If there is no explicit jet termination, how does this fit in with models for WAT formation? We can clearly see a well-collimated jet entering the southern plume. By analogy with the jets in FRIIs we believe this jet to be supersonic, and numerical modelling (e.g. Norman et al. 1988, Loken et al. 1995) has suggested that to make a WAT a shock should form at the end of the jet, giving rise to the characteristic flaring at the base of the plumes; in any case, we should see some evidence for a transition between the supersonic jet and the diffuse, trans-sonic plume. But there is no evidence for a jet-termination shock either in the form of a hotspot as in the northern plume, as discussed in Paper I, or in particle acceleration, as discussed above. How, then, does the southern jet terminate?

Perhaps the most attractive model is one in which the southern jet currently does not terminate, while the northern jet in 3C 130 is currently impinging on the edge of the source, causing a shock (Fig. 7); the terminations of both jets are dynamic and move about in the base of the plume, and it is only when one intersects with the plume edge that we see a shock and associated particle acceleration. Simply from the small-scale deviations from linearity seen in high-resolution maps of the jets, we know that the point at which the jet enters the plume must vary with time. In FRII radio galaxies, numerical simulations have shown (e.g. Norman 1996) that the working surface can move about as a result of turbulence in the cocoon. In WATs, bulk motions in the X-ray emitting medium on scales comparable to those of the jets may provide another source of jet buffeting.

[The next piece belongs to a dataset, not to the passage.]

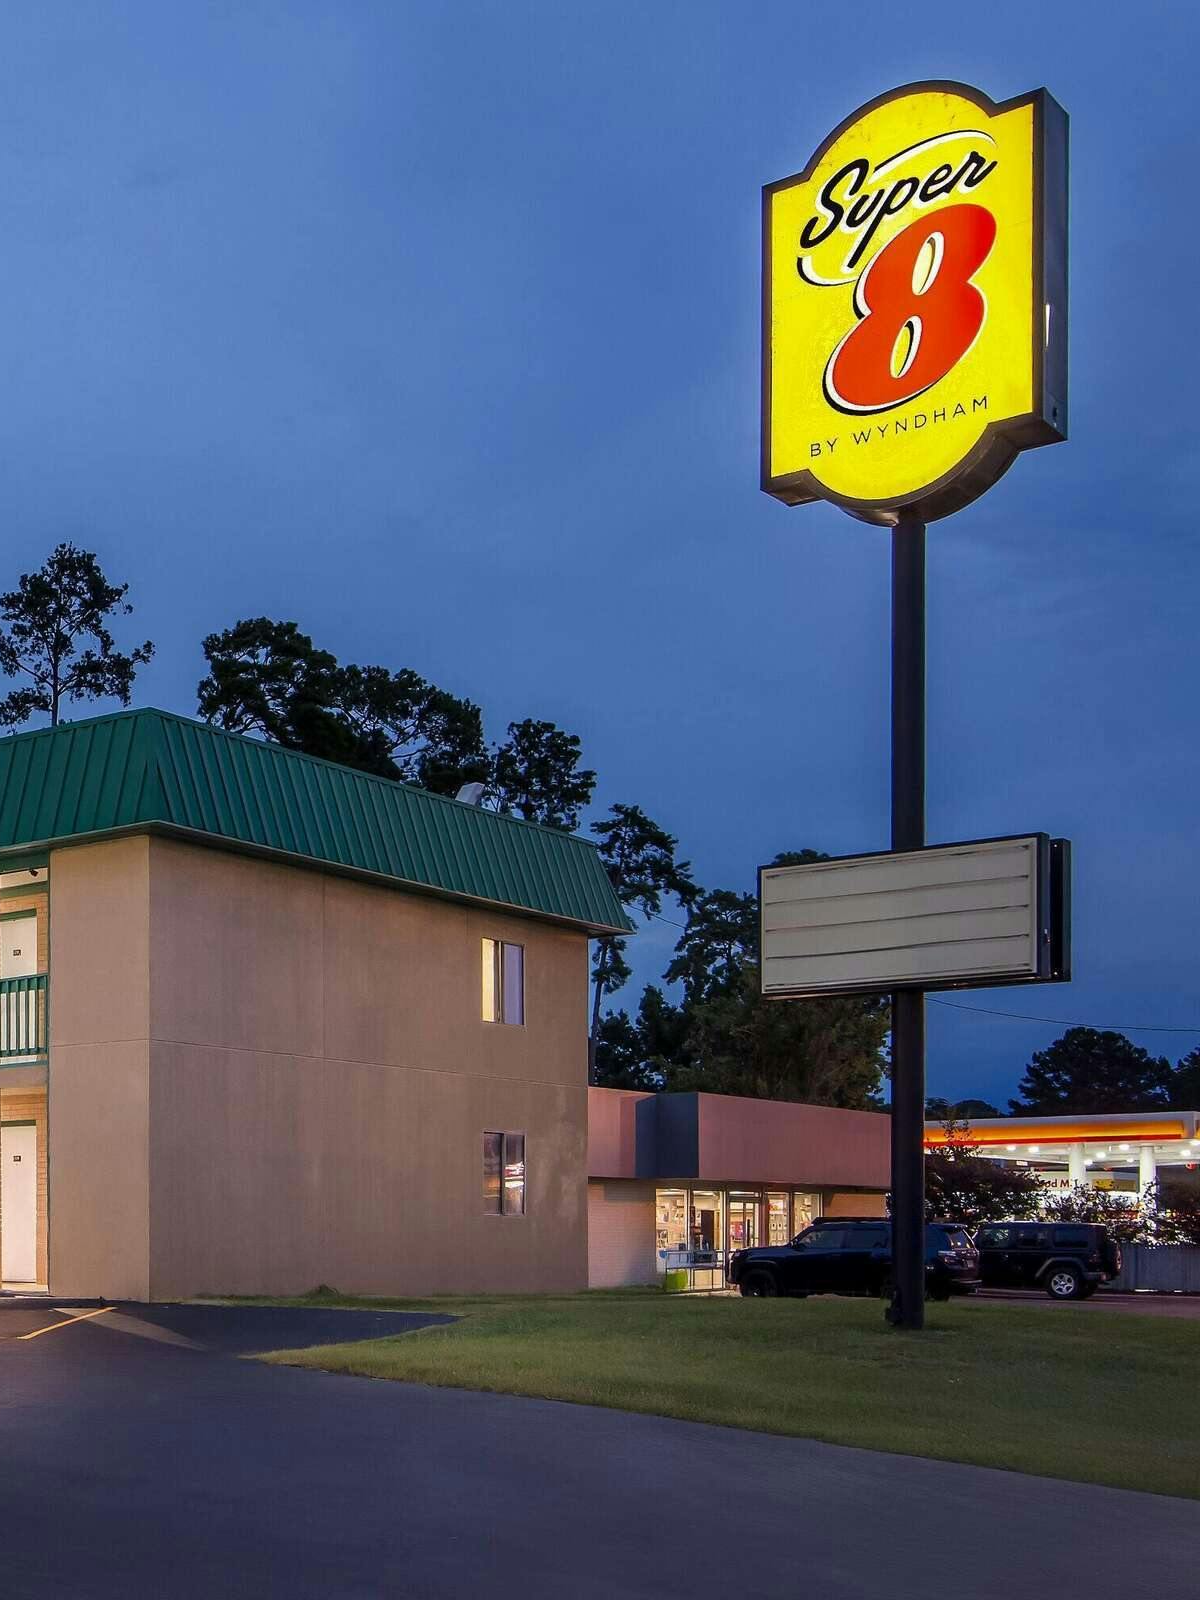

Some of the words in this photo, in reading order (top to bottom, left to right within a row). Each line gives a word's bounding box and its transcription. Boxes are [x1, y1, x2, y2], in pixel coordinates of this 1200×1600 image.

[800, 150, 998, 269] Super
[822, 202, 997, 416] 8
[810, 438, 838, 457] BY
[853, 395, 988, 445] WYNDHAM

[FIGURE] Fig. 7. Schematic of the possible current situation in 3C 130.

This sort of model for 3C 130 seems incompatible with a picture in which the flaring of WAT plumes is caused by propagation across a shock in the external medium (Norman et al. 1988) or into a crosswind (Loken et al. 1995), because in these models we would expect to see hotspots on both sides at all times. The latter model is in any case hard to reconcile with the straight plumes seen in 3C 130 and in some other sources which are morphologically WATs (Paper I). Instead, it may be the case that WATs of 3C 130's type are the natural result of the action of the external medium on a low-power FRII source.

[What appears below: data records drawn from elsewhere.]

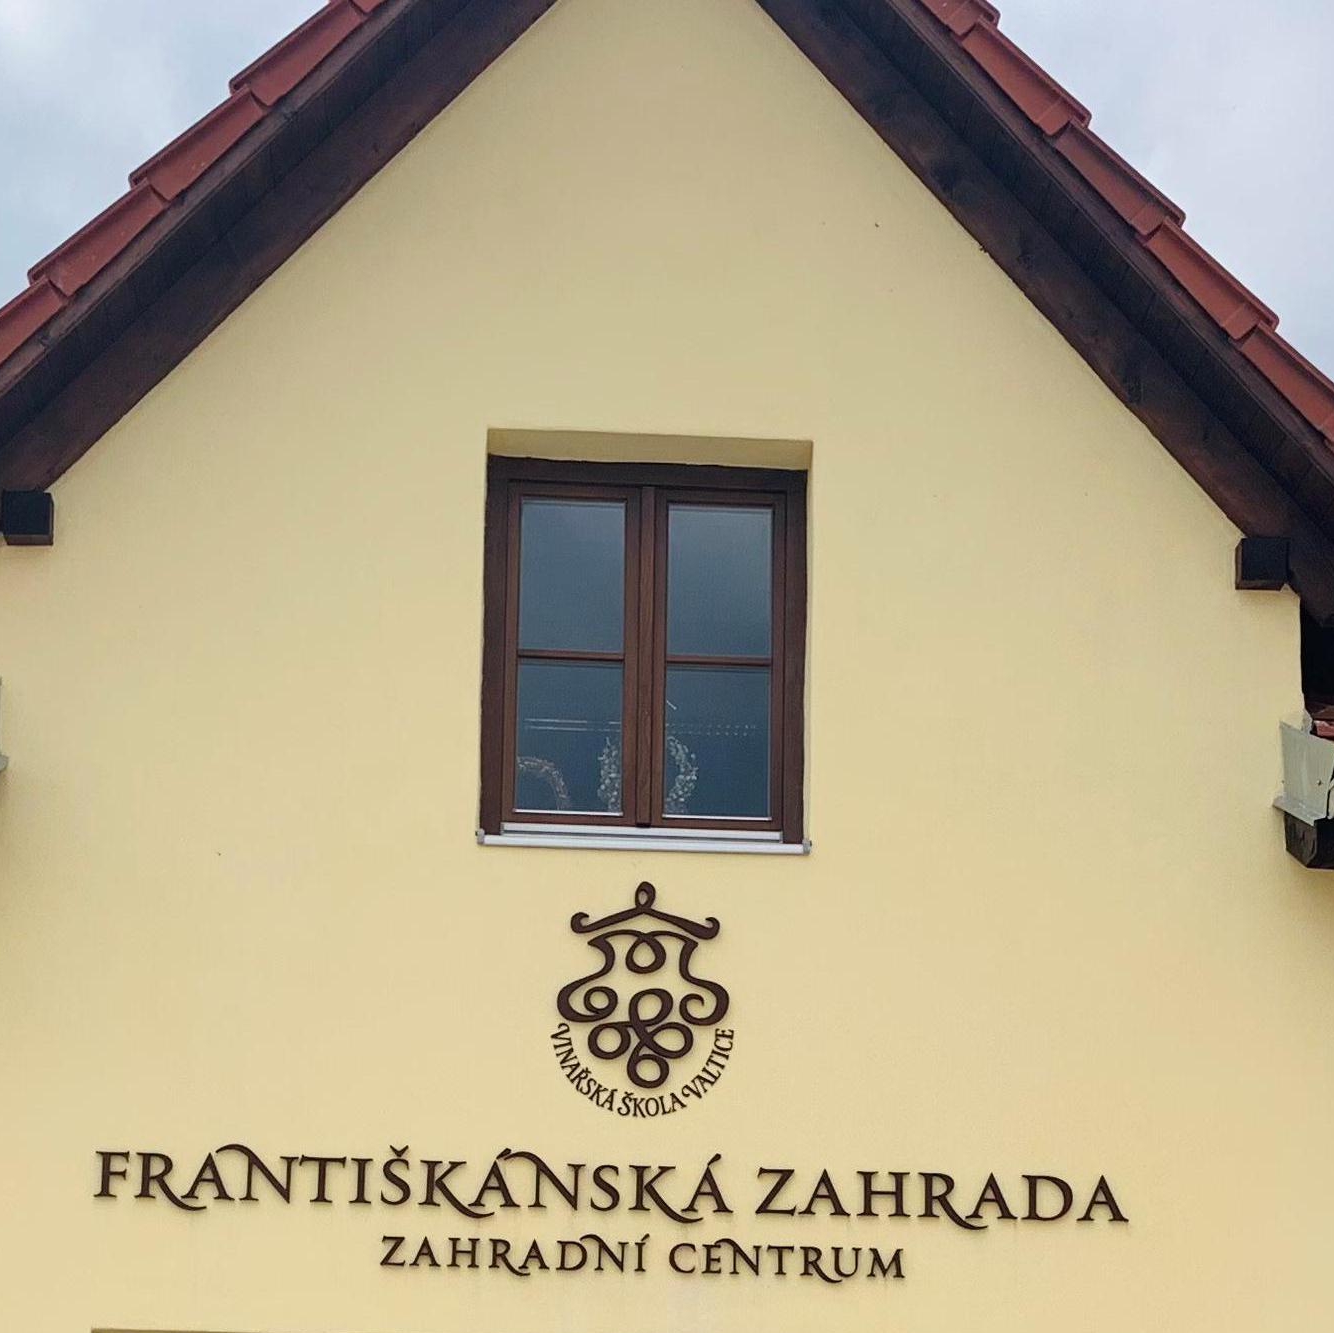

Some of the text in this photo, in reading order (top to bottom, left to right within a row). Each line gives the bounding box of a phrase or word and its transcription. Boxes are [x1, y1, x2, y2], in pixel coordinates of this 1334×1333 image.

[551, 1023, 734, 1118] VINAŘSKÁ ŠKOLA VALTICE
[93, 1143, 1130, 1231] FRANTIŠKÁNSKÁ ZAHRADA
[379, 1232, 905, 1284] ZAHRADNÍ CENTRUM
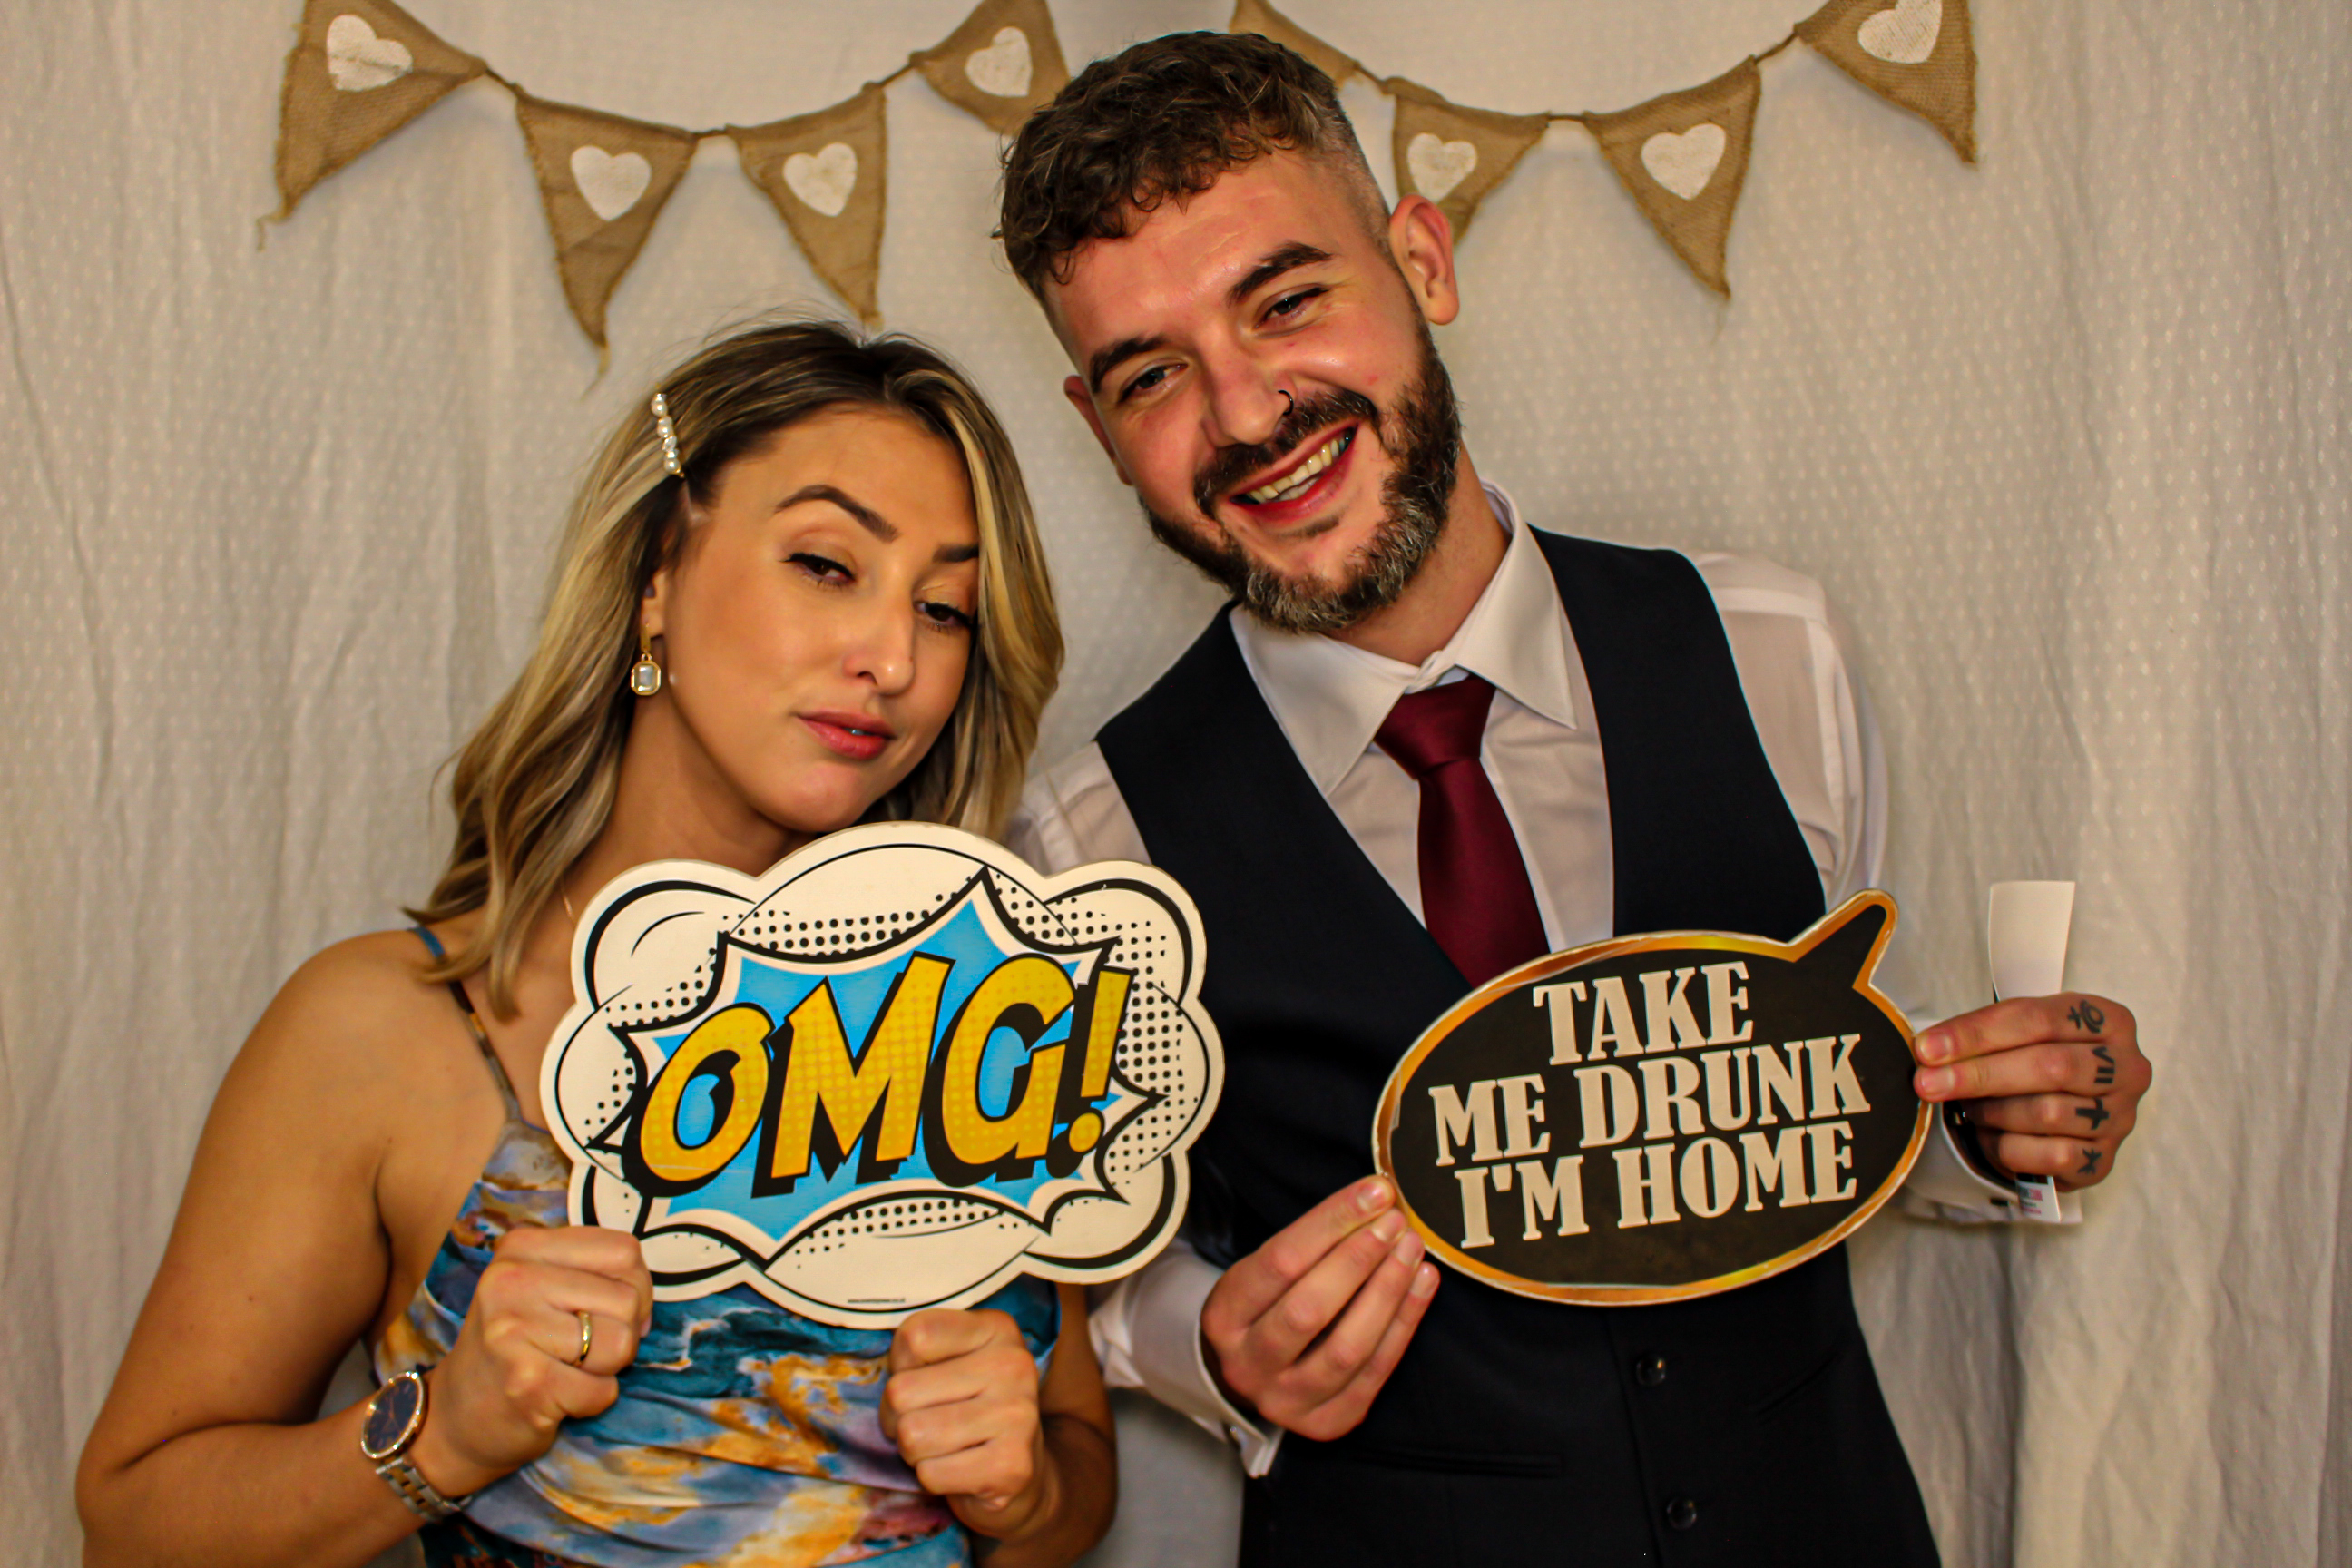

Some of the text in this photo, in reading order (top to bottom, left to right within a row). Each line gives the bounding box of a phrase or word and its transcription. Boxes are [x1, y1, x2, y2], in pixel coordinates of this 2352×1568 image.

[635, 951, 1134, 1191] OMG!
[1532, 960, 1753, 1065] TAKE
[1427, 1033, 1871, 1166] ME DRUNK
[1455, 1121, 1857, 1249] I'M HOME

The pressure in the lobes of an FRII is expected to fall with time (e.g. Kaiser & Alexander 1997, Eq. 20) and if it falls below the thermal pressure of the external medium, the lobes can no longer be supported and will begin to collapse. The natural result is a breaking of the source self-similarity and a slow crushing of the cocoon, which begins with the region closest to the centre, where the thermal pressure is highest (cf. Williams 1991). 1 In many FRII sources, X-ray observations show that the thermal pressure from the external medium is greater than the minimum pressure in the radio lobes; only the very smallest sources seem to be unambiguously overpressured. Cocoon crushing is therefore a viable process. Once the radio lobes have been squeezed away from the nucleus, asymmetries in the thermal atmosphere, together with buoyancy effects, can account for the large-scale distortions in the lobes seen in many low-power FRII galaxies (Williams 1991). But, if the environment is suitable, there seems to be no reason why buoyancy cannot drive this process further in particular sources, pushing the lobes further and further away from the centre. The detailed shapes of the sources this would produce would depend on the advance speed of the front of the lobe, but if the lobes were pushed out far enough we would start to see WAT-like objects, provided that the jets continued to terminate at the end of the lobe nearest the centre. At intermediate stages we would see objects like NGC 326 (Worrall et al. 1995), which differs from a WAT only in that its tails are slightly recessed from the termination of its jets. The evolutionary sequence from FRII to WAT is represented in Fig. 8. The bending of WAT tails on large scales can still, of course, be understood in terms of bulk motions of cluster gas.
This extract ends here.